In this tutorial, we will learn how to scrape the Amazon product page and find the product name and pricing information. We need to perform the following steps:
- Download the Amazon product page as HTML using the requests library
- Find the HTML elements and their id/classes for the required information
- Use the BeautifulSoup parser to extract the information we need
Installing Required Libraries
We have to install BeautifulSoup, lxml, and requests library for this project.
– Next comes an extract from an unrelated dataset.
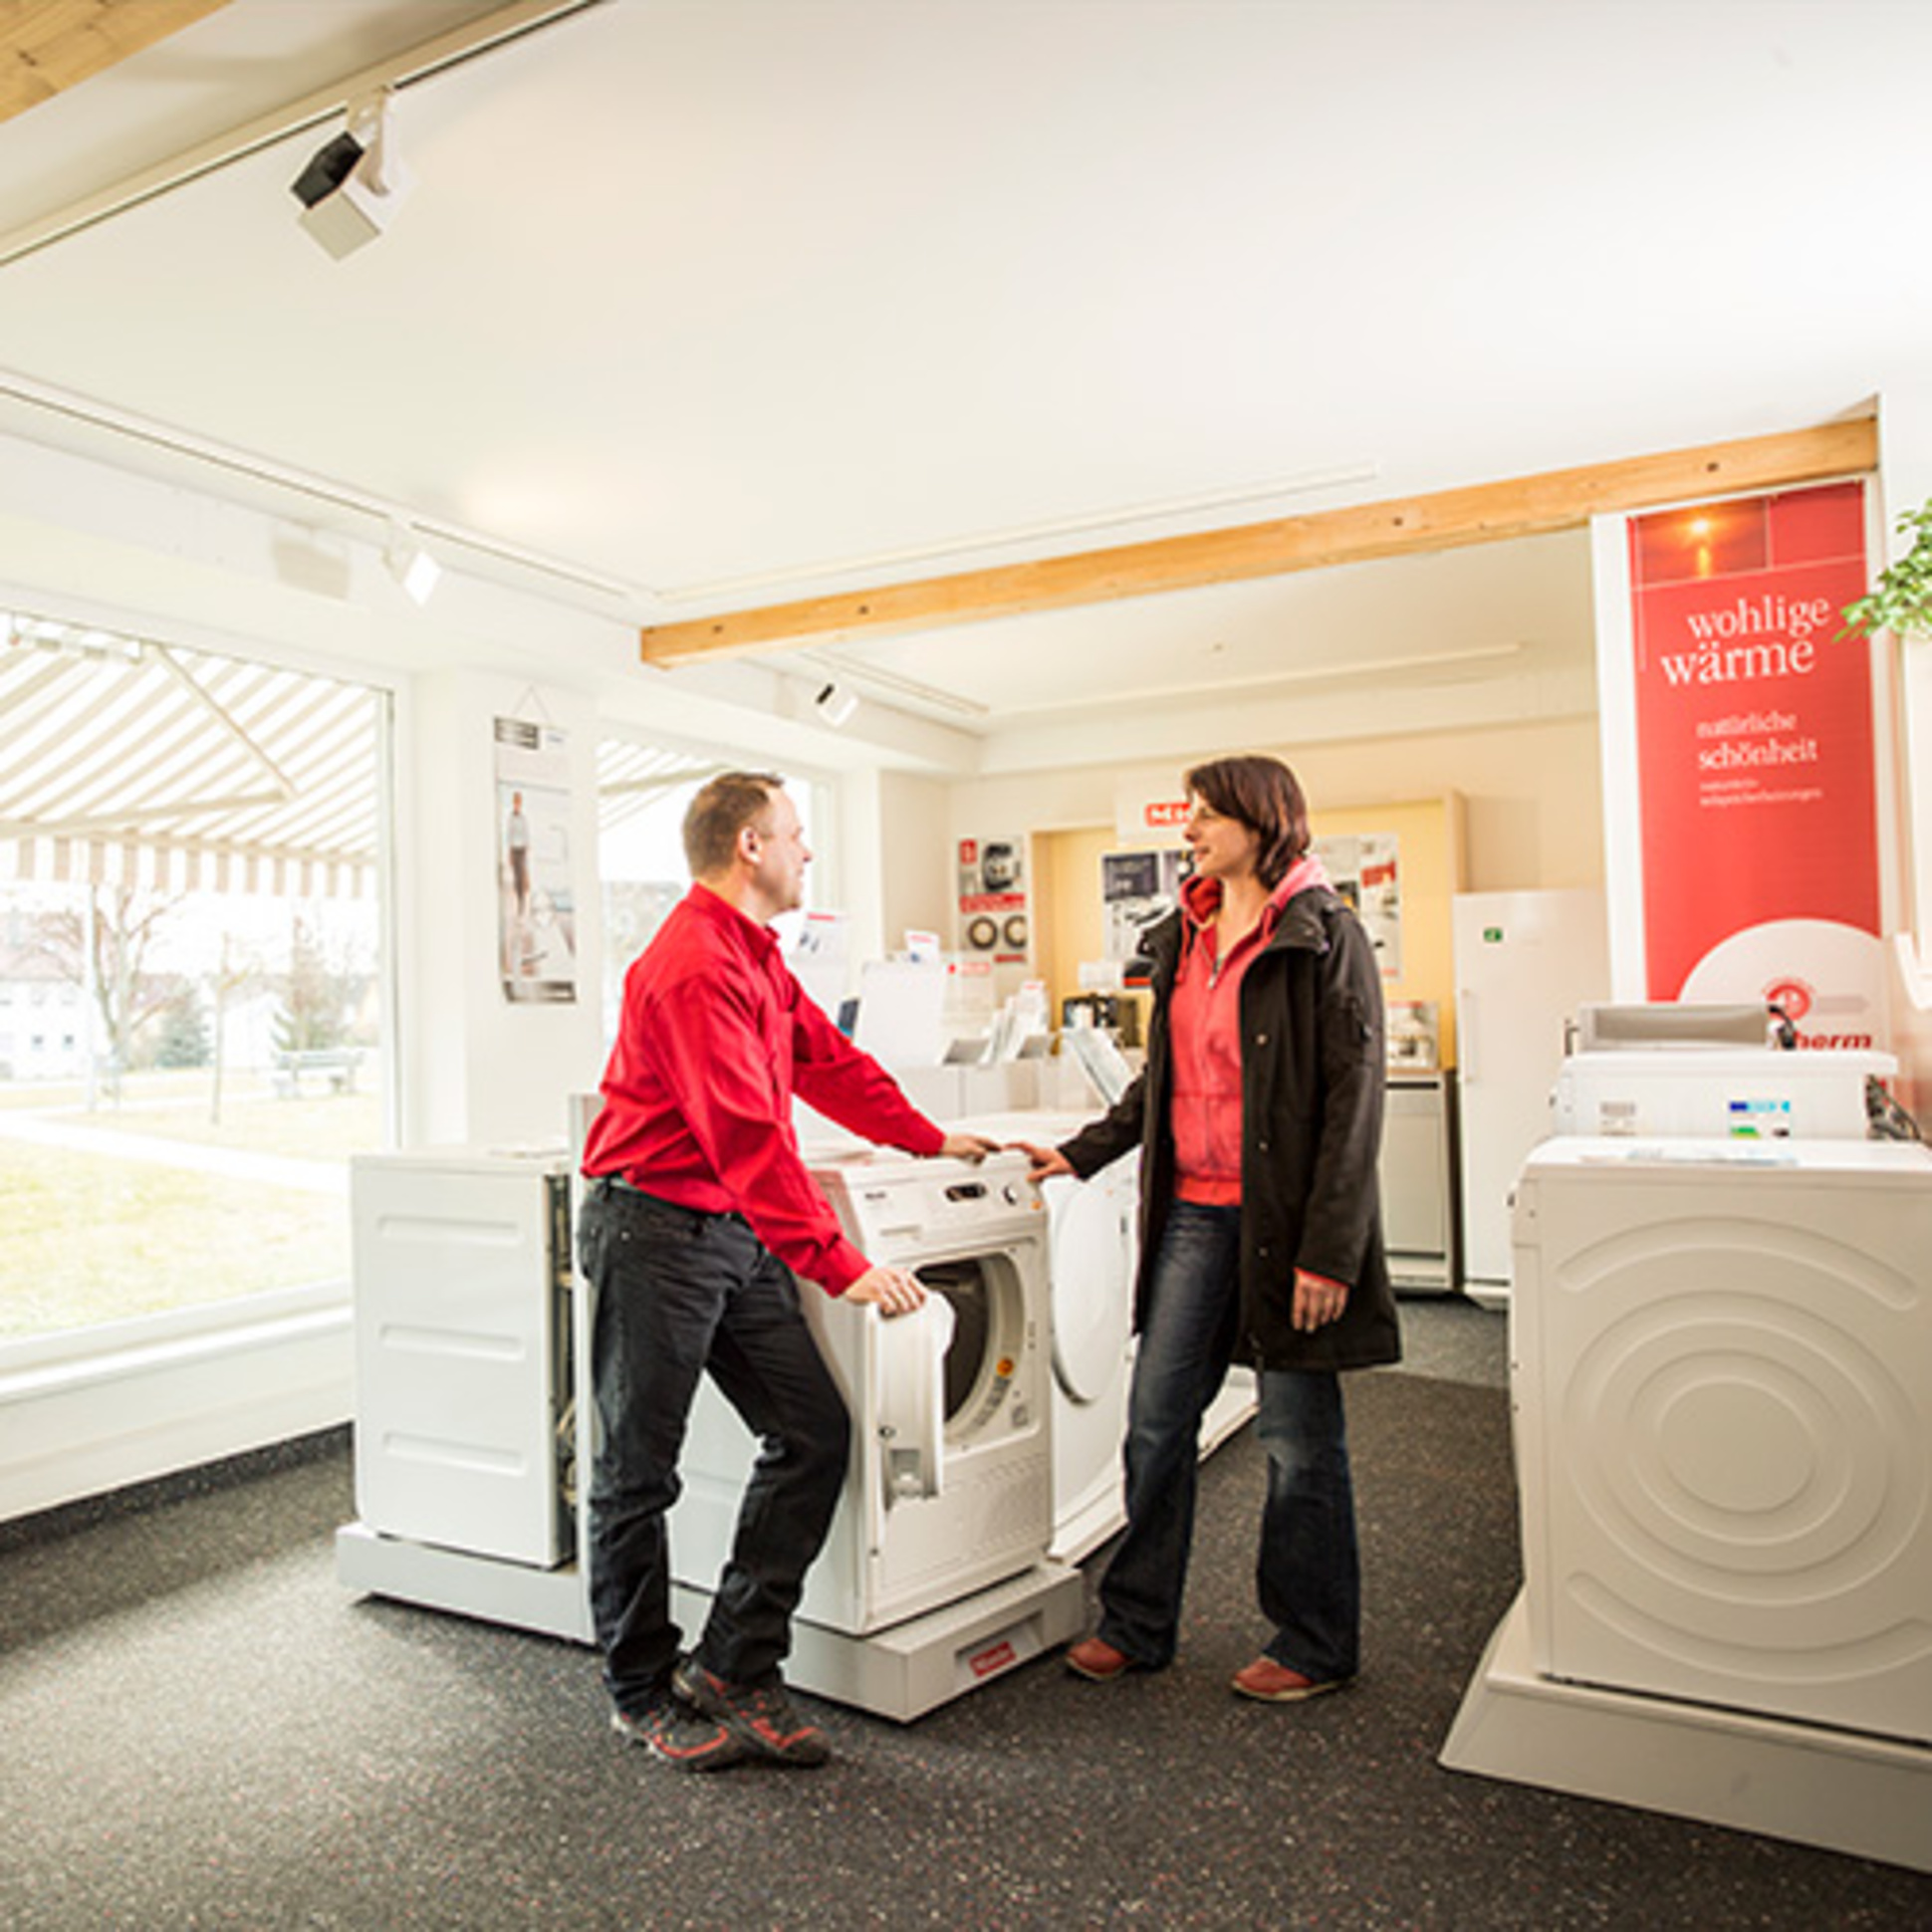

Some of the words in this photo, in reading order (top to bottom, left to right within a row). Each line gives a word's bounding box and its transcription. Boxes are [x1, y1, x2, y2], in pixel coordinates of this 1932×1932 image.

[1687, 595, 1829, 638] wohlige
[1660, 639, 1815, 685] wärme
[1794, 1030, 1871, 1050] herm
$ pip install beautifulsoup4
$ pip install lxml
$ pip install requests
Find HTML tag and id/class
I am trying to extract the product name and price for this page: https://www.amazon.com/dp/B0B3BVWJ6Y/
I am using Chrome inspect element to find out the HTML tags and their id/class for product name and price.
The product name is present in the “span” element with the id “productTitle“. Similarly, pricing information is present in the “span” element “a-offscreen” class.
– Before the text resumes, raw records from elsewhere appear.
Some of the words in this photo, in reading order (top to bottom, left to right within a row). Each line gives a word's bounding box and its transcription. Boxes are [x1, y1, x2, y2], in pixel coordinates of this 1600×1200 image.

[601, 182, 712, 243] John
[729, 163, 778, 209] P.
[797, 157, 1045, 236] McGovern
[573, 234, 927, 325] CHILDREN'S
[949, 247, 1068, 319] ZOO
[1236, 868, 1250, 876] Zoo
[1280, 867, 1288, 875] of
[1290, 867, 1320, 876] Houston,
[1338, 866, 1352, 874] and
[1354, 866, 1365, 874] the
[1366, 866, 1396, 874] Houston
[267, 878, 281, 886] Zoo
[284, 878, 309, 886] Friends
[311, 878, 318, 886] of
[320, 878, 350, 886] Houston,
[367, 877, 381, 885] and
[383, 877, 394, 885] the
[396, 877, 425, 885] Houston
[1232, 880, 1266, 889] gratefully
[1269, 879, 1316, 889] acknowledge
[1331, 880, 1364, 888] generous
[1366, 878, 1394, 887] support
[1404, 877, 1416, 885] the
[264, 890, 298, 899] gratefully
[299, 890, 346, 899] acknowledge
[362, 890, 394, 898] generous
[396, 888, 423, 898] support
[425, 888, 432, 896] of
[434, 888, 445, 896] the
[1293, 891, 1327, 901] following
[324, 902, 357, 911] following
Python Code to Scrape Amazon Product Data
The first step is to import the required libraries.
from bs4 import BeautifulSoup
import requests
The next step is to download the webpage using requests library.
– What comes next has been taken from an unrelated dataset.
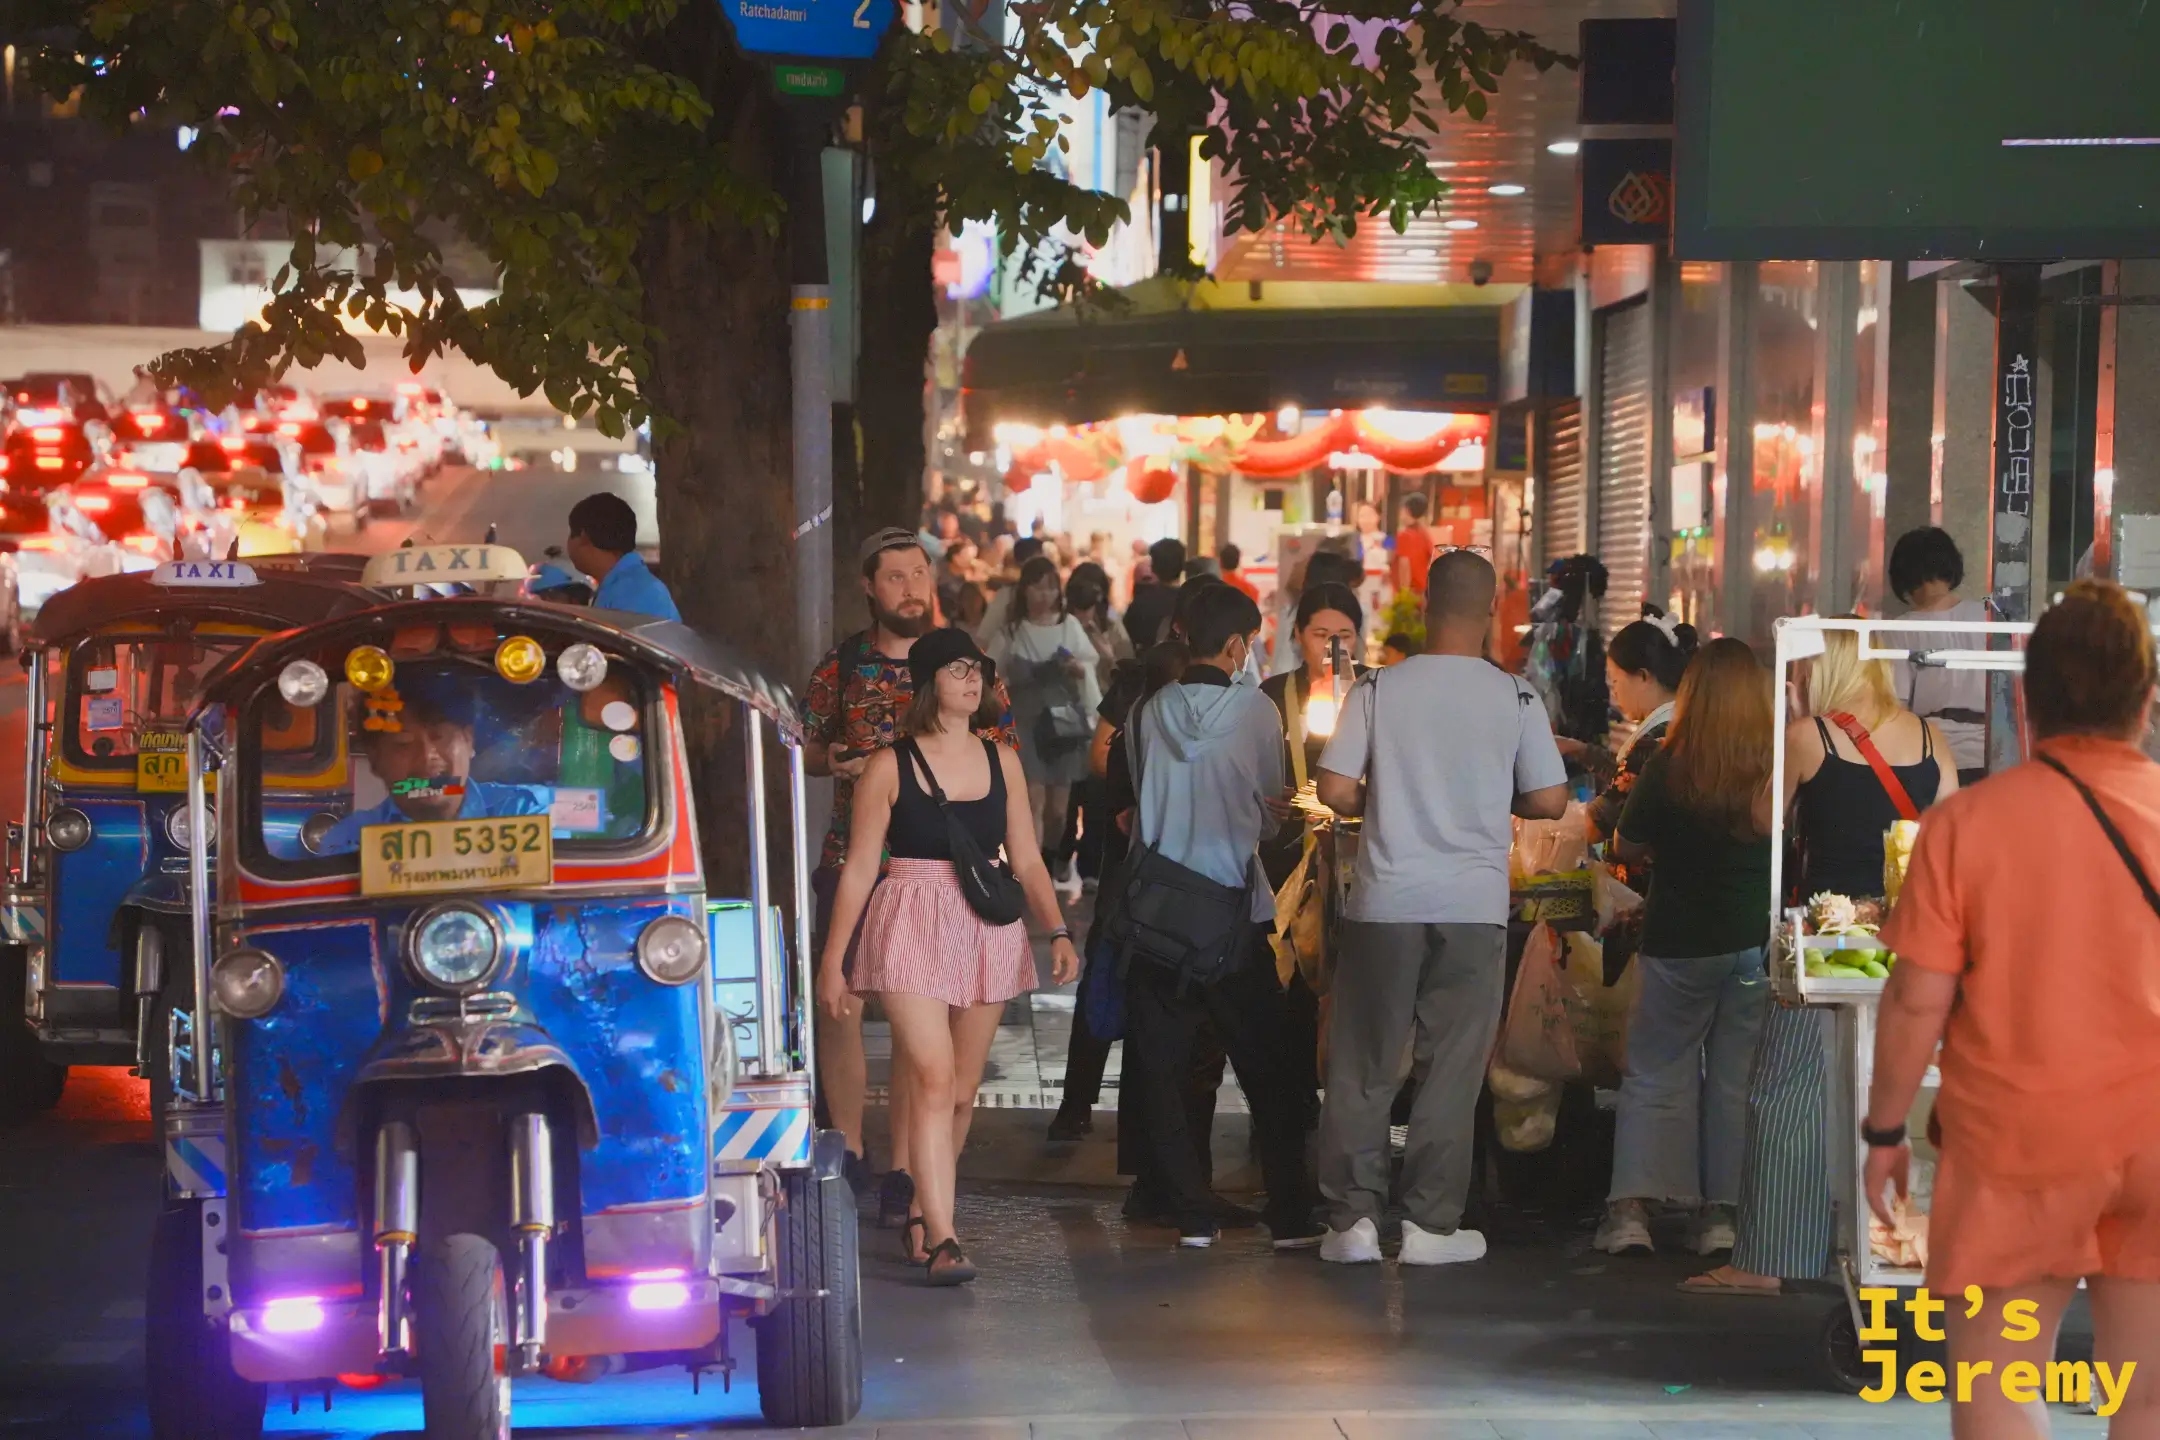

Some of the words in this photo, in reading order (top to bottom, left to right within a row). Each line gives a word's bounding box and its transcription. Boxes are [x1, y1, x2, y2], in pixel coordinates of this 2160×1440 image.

webpage = requests.get(URL, headers=HEADERS)
Then we create the BeautifulSoup object with the content and the appropriate parser name.
soup = BeautifulSoup(webpage.content, "lxml")
Then, we use the find() method to extract the information from the webpage content.
soup.find("span", attrs={"id": 'productTitle'}) # for product name
soup.find("span", attrs={'class': 'a-offscreen'}) # for product price
That’s the essential part of the code. Now, let’s look at the complete program and run it.
from bs4 import BeautifulSoup
import requests
URL = 'https://www.amazon.com/dp/B0B3BVWJ6Y/'
HEADERS = ({
'User-Agent': 'Mozilla/5.0 (X11; Linux x86_64) AppleWebKit / 537.36(KHTML, like Gecko) Chrome / 44.0.2403.157 Safari / 537.36',
'Accept-Language': 'en-US, en;q=0.5'})
webpage = requests.get(URL, headers=HEADERS)
soup = BeautifulSoup(webpage.content, "lxml")
product_name = ''
product_price = ''
try:
product_title = soup.find("span",
attrs={"id": 'productTitle'})
product_name = product_title.string.strip().replace(',', '')
except AttributeError:
product_name = "NA"
try:
product_price = soup.find("span", attrs={'class': 'a-offscreen'}).string.strip().replace(',', '')
except AttributeError:
product_price = "NA"
print("product Title = ", product_name)
print("product Price = ", product_price)
Output:
product Title = 2022 Apple MacBook Air Laptop with M2 chip: 13.6-inch Liquid Retina Display 8GB RAM 256GB SSD Storage Backlit Keyboard 1080p FaceTime HD Camera. Works with iPhone and iPad; Midnight
product Price = $1186.94
Issues and Workaround
1. Change in webpage HTML elements
Our program depends on the HTML content sent by Amazon. So, if they make any changes to the HTML elements we are using, we will also have to change our program accordingly. We can move the HTML elements information to a property file so that we don’t need to change Python code. We can change the properties accordingly and our code will start working again.
2. Requests Blocking and Proxies
If you will run the web scraping code for a lot of pages, there is a high chance your ISP or the target website will block you. You can mitigate this scenario by using proxy servers or acquiring datasets from third-party tools. For example, you can get LinkedIn datasets for your project if it’s related to LinkedIn data analytics.
Conclusion
We learned the basics of web scraping in Python. The possible issues we can face and how to handle them or utilize the third-party tools.